If you want to go for total abstraction, then there would be no way to describe the experience and no reason to try. Abstraction is incompatible with theme park design though because in theme parks, every design element is selected to tell a story. Every aesthetic choice leverages our psychology, biology, society, and other fiction in order to create mood and understanding. Entertainment design communicates messages. Abstraction doesn't. Abstraction is the absence of meaning. If the scale of the collectors fortress is enough, so be it. Do we need to accept that the gantry lift is part of the tour? Or is there an alternative way of getting us onto the attraction in a gantry lift in the collectors fortress?
Also in response to phruby's comment that Disney can't win, whether or not they have a backstory. Backstory doesn't equal immersion. Many of the best immersive experiences are just that, experiences. HM, POTC, Space Mountain. Fully immersive, no backstory. Backstory can try to mimic film and gaming to create worldbuilding, but if something can't be buried properly in the world, the backstory has to be dumped on people, and that breaks immersion. If the rumors of boarding the escape ship from Batuu and getting intercepted by a star destroyer in the queue are true for battle escape, and we move from on planet through a ship, out of a ship facade and into the star destroyer hangar bay before boarding a ride vehicle, that would be INCREDIBLE immersion, worldbuilding, and backstory told through environments. Everybody will understand that and there won't be any videos telling us what is going on. The plot too and all that it leverages are things we understand, and it isn't asking us to redefine them. We are on a planet, safe, until an enemy force arrives, and we have to escape danger. We leave, get abducted/detained, and must escape to freedom. Theme parks and fiction more generally are a way to draw meaning from life. Even alien IPs are really just projections of human mythology and anxieties onto aliens, which is why star wars is basically about 20th century geopolitics and warfare. Nowhere are they expected to say "oh and this ship that you must escape from is actually a fast food restaurant in outer space, and your ship won't land in a hangar with other ships, it'll land in a restaurant bathroom. And you won't escape by getting off this ship, you'll escape by performing magic that is fluff not native to the IP or to this world. That is the difference between good and bad entertainment design!

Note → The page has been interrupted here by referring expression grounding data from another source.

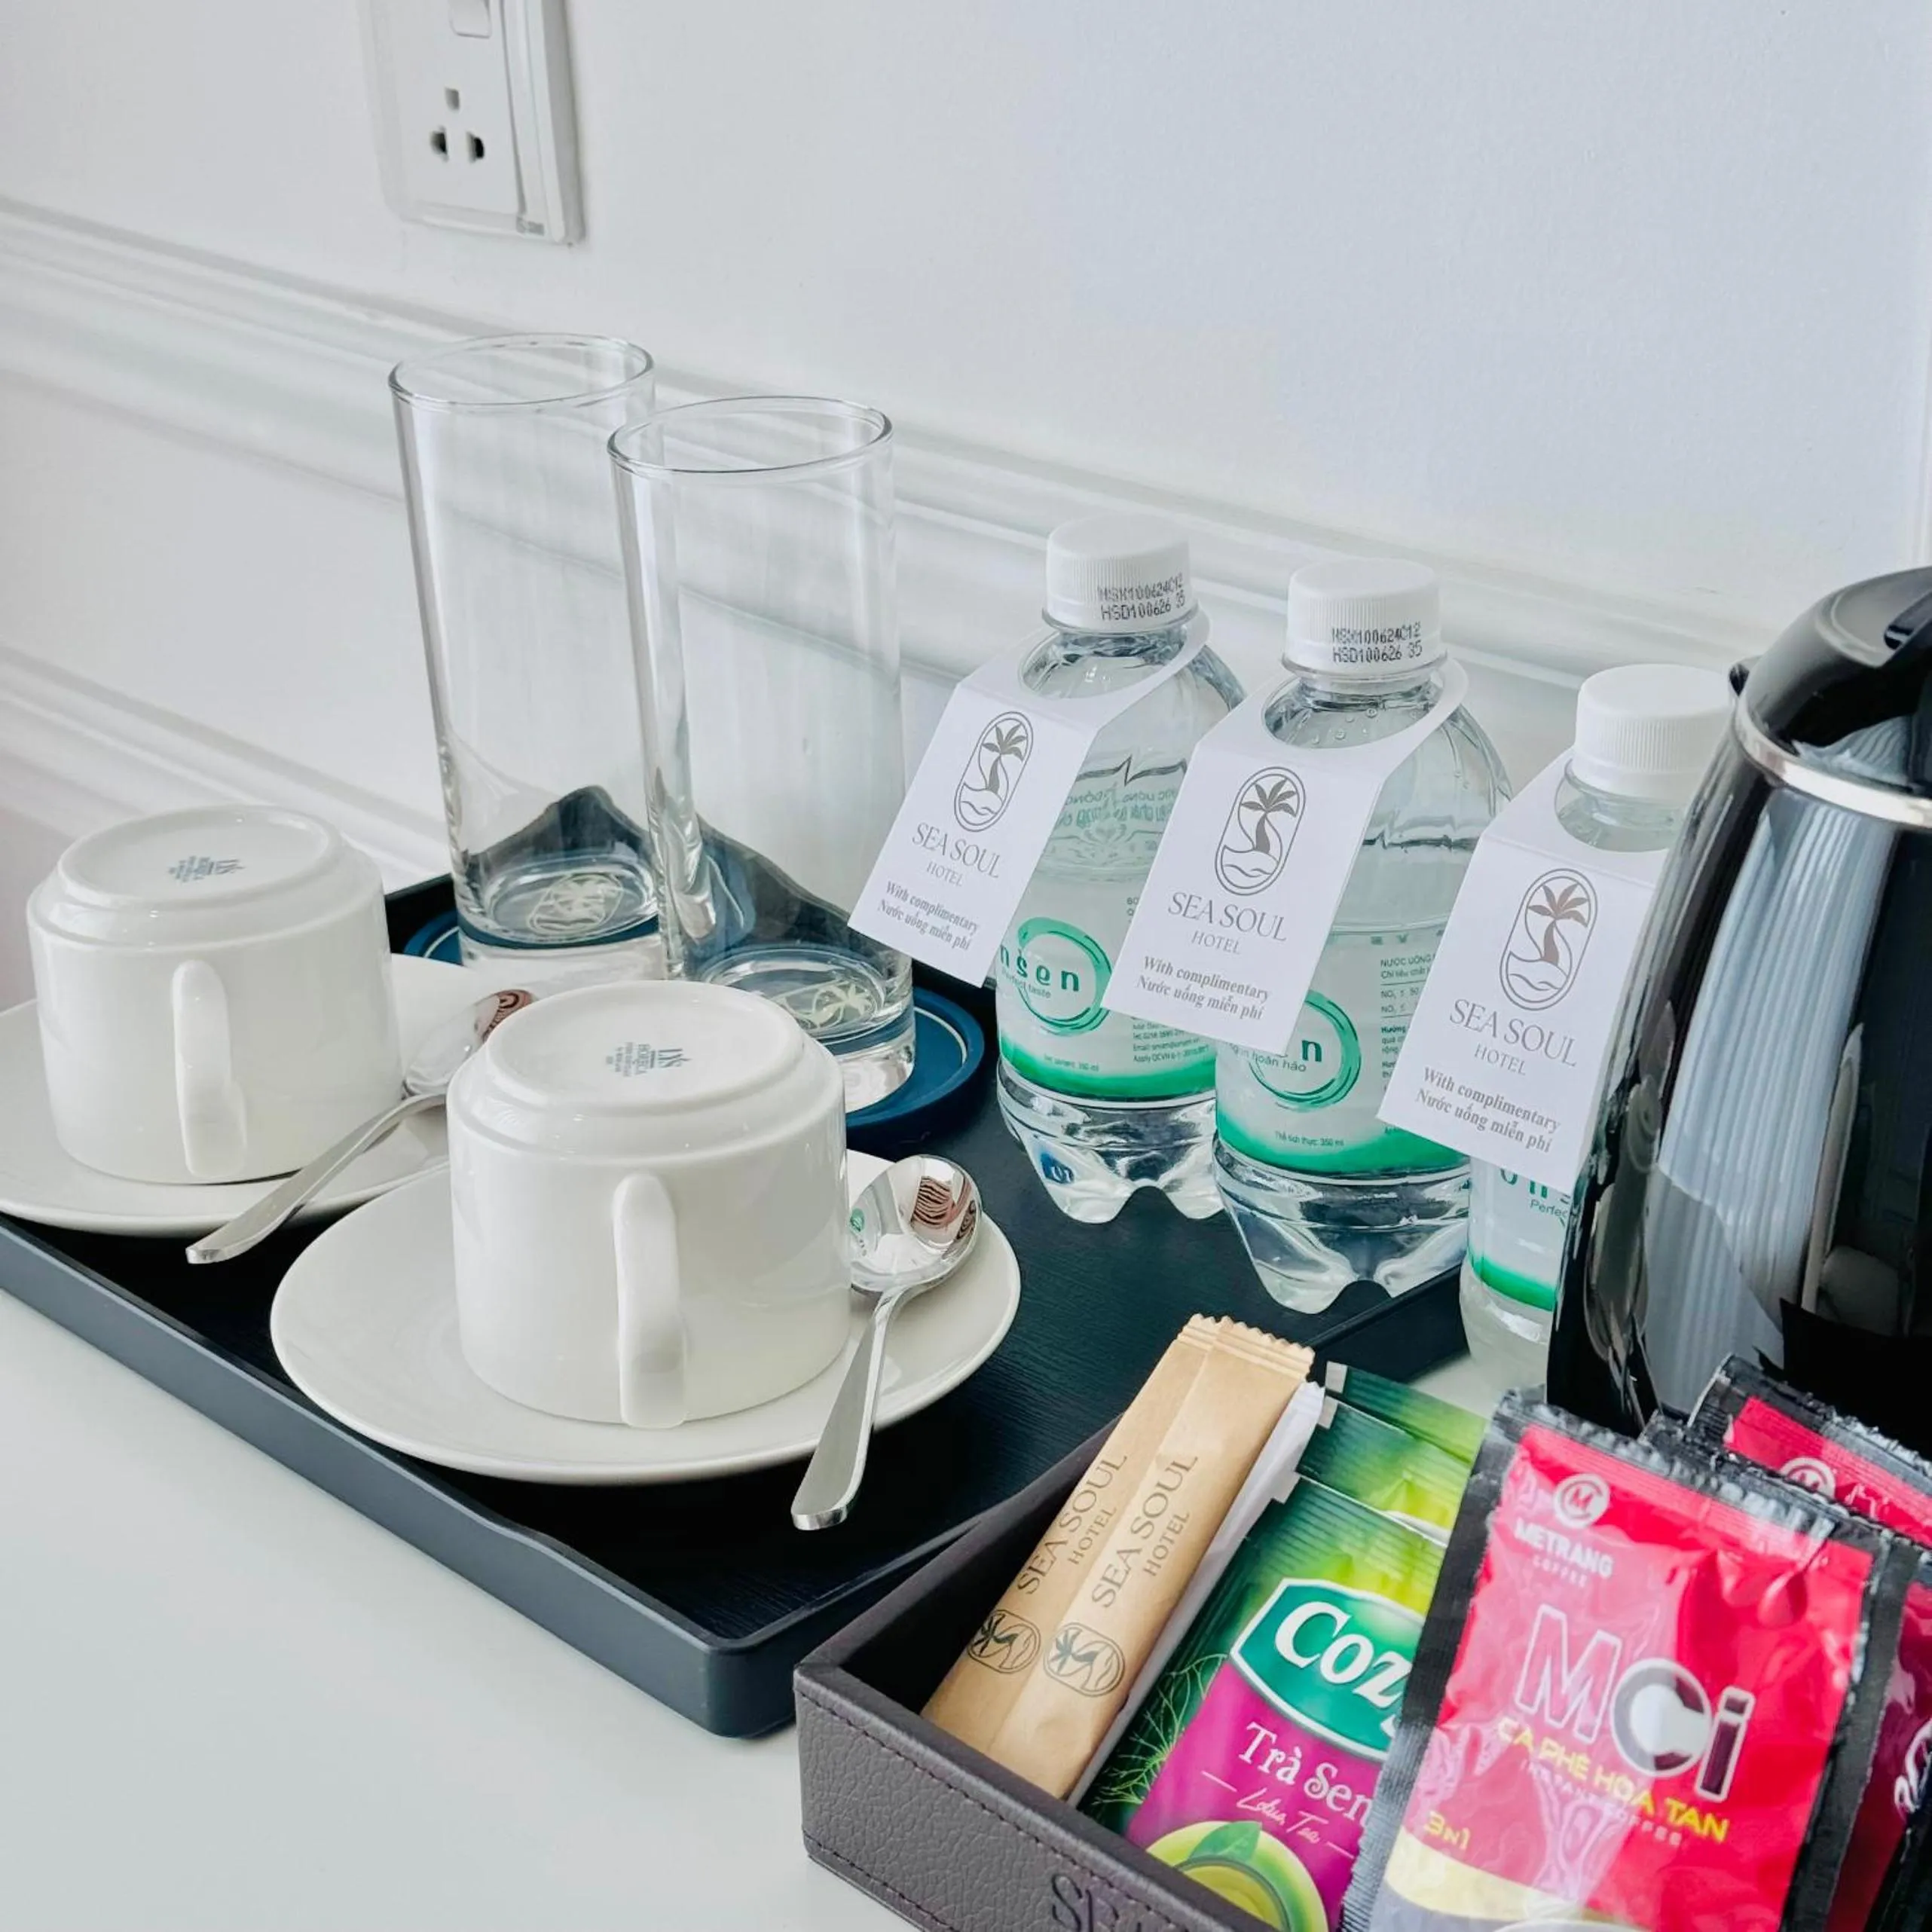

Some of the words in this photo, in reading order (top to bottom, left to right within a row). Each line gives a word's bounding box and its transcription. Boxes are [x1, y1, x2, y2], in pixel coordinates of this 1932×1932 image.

[1101, 598, 1172, 621] HSD100626
[1332, 644, 1402, 663] HSD100626
[912, 822, 949, 856] SEA
[949, 838, 1001, 879] SOUL
[926, 861, 964, 887] HOTEL
[885, 881, 909, 903] With
[909, 895, 979, 936] complimentary
[1167, 891, 1213, 924] SEA
[1219, 903, 1287, 942] SOUL
[999, 943, 1080, 992] nsen
[1191, 930, 1242, 955] HOTEL
[1136, 974, 1171, 996] Nước
[1174, 984, 1205, 1009] uống
[1206, 995, 1239, 1014] miễn
[1239, 1006, 1265, 1020] phí
[1144, 955, 1174, 977] With
[1176, 967, 1270, 1005] complimentary
[1449, 998, 1499, 1039] SEA
[1503, 1018, 1578, 1068] SOUL
[1474, 1043, 1527, 1076] HOTEL
[1416, 1087, 1452, 1114] Nước
[1454, 1103, 1489, 1132] uống
[1490, 1120, 1526, 1142] miễn
[1525, 1135, 1554, 1154] phí
[1423, 1067, 1455, 1093] With
[1457, 1084, 1562, 1134] complimentary
[1530, 1199, 1569, 1218] Perfec
[1017, 1537, 1068, 1595] SEA
[1058, 1454, 1128, 1535] SOUL
[1068, 1505, 1117, 1566] HOTEL
[1091, 1548, 1142, 1609] SEA
[1130, 1455, 1199, 1542] SOUL
[1143, 1509, 1191, 1577] HOTEL
[1514, 1516, 1614, 1579] METRANG
[1275, 1601, 1414, 1709] Coz
[1238, 1722, 1302, 1786] Trà
[1304, 1761, 1372, 1829] Sen
[1665, 1796, 1730, 1843] TAN
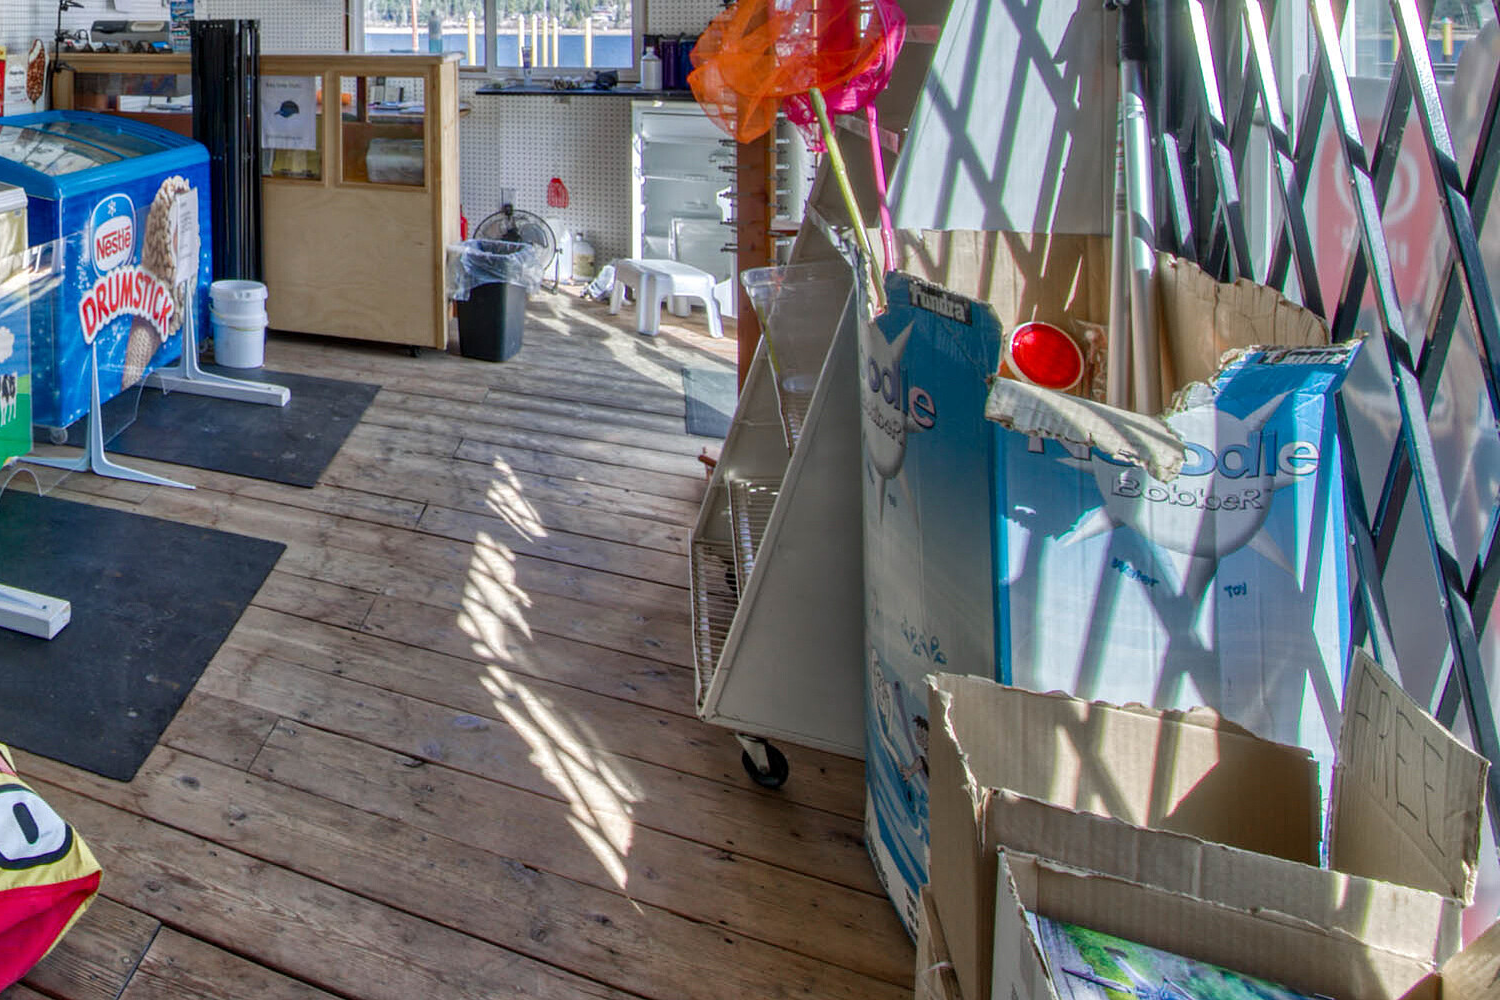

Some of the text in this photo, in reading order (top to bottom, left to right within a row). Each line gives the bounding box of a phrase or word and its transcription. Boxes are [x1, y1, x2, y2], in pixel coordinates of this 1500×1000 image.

[82, 270, 173, 338] DRUMSTICK
[866, 356, 937, 430] odle
[1027, 429, 1322, 480] odle
[1351, 663, 1446, 858] FREE

And another way of thinking about the preshow in guardians: It feels to me like the word preshow carries a lot of collective memories. We know what a few of them are like, and how they prototypically work in themed attractions, how they've been done in the past. So it looks to me like there were preshow rooms leading to the ride, and they did what they could with that framework and the IP. If the IP was the only framework, I doubt it would have produced the sequence of rooms we pass through or the stop-to-watch-a-preshow video format. Just because something is extraterrestrial and different rules might apply on a different planet altogether doesn't mean that we can just excuse a bunch of bad design. That's just an excuse. Taken to its logical conclusion, another planet wouldn't have walking, talking creatures, televisions, rooms, any of this.
This coming from somebody looking forward to marvel at dca, and sw:ge. But I dont have to be fully against every single aspect of every Disney decision or blindly supporting it either to the extent that I can't think critically and would rather mock people who I don't agree with! Saying this in an effort to say that my end game isn't to defend some position to the death, but rather to have a discussion, and that the backstory somebody laid out for Guardians a few pages ago really gave me a ton of thoughts that I chose to share.